WORK TO BE COMPLETED: Reproduce the records precisely. Omit every picture.

:: EXTRACTED DATA

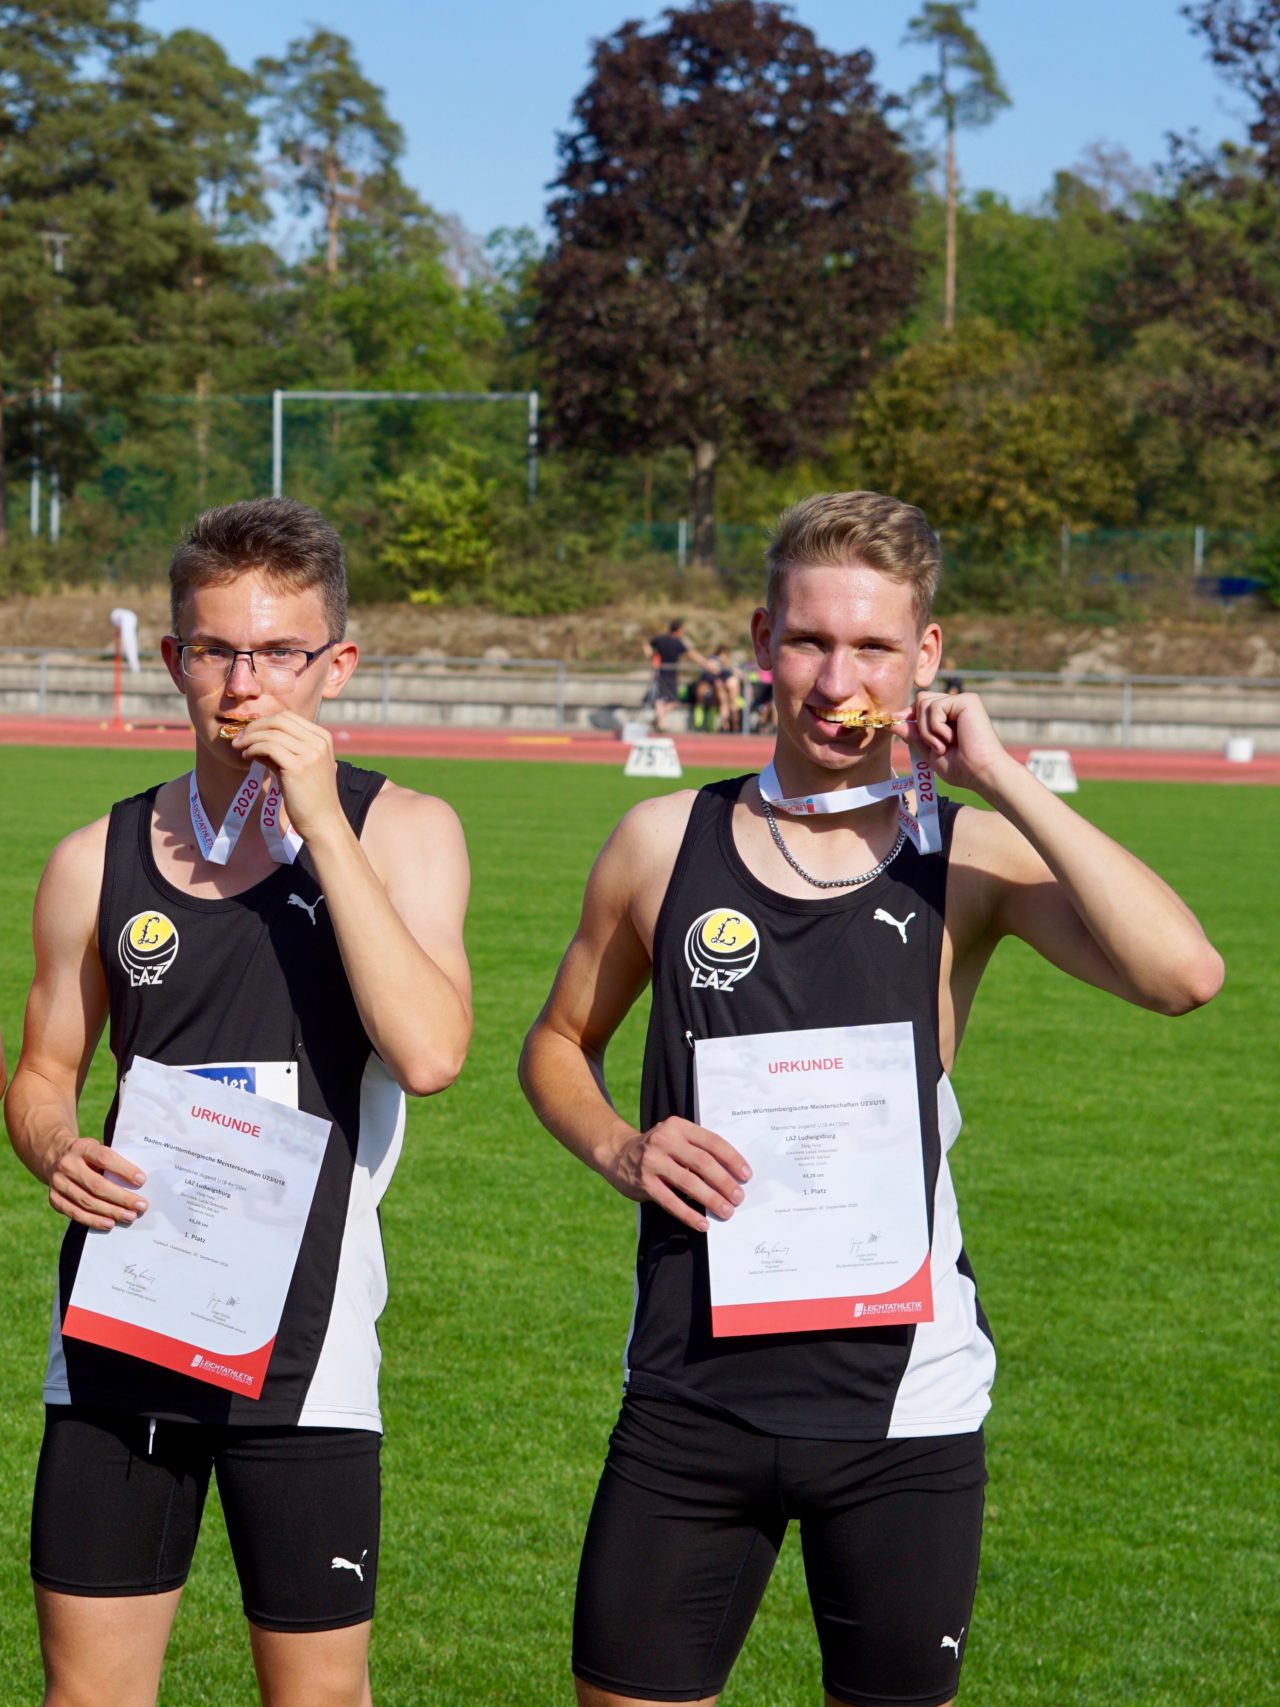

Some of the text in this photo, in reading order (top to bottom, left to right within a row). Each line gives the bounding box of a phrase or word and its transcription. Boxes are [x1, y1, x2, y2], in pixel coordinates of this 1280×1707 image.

[631, 744, 656, 768] 75
[916, 761, 933, 802] 2020
[233, 779, 258, 817] 2020
[263, 787, 281, 827] 2020
[130, 965, 165, 987] LAZ
[690, 967, 742, 992] LAZ
[768, 1057, 844, 1074] URKUNDE
[810, 1101, 859, 1110] Meisterschaften
[191, 1105, 262, 1138] URKUNDE
[798, 1133, 836, 1141] Ludwigsburg
[216, 1158, 261, 1178] Meisterschaften
[184, 1178, 231, 1199] LAZ Ludwigsburg
[191, 1233, 206, 1243] Platz
[863, 1301, 922, 1312] LEICHTATHLETIK
[200, 1358, 254, 1383] LEICHTATHLETIK

::::

SOLUTION TO THIS PROBLEM:
Some of the text in this photo, in reading order (top to bottom, left to right within a row). Each line gives the bounding box of a phrase or word and its transcription. Boxes are [x1, y1, x2, y2], in pixel coordinates of this 1280×1707 image.

[631, 744, 656, 768] 75
[916, 761, 933, 802] 2020
[233, 779, 258, 817] 2020
[263, 787, 281, 827] 2020
[130, 965, 165, 987] LAZ
[690, 967, 742, 992] LAZ
[768, 1057, 844, 1074] URKUNDE
[810, 1101, 859, 1110] Meisterschaften
[191, 1105, 262, 1138] URKUNDE
[798, 1133, 836, 1141] Ludwigsburg
[216, 1158, 261, 1178] Meisterschaften
[184, 1178, 231, 1199] LAZ Ludwigsburg
[191, 1233, 206, 1243] Platz
[863, 1301, 922, 1312] LEICHTATHLETIK
[200, 1358, 254, 1383] LEICHTATHLETIK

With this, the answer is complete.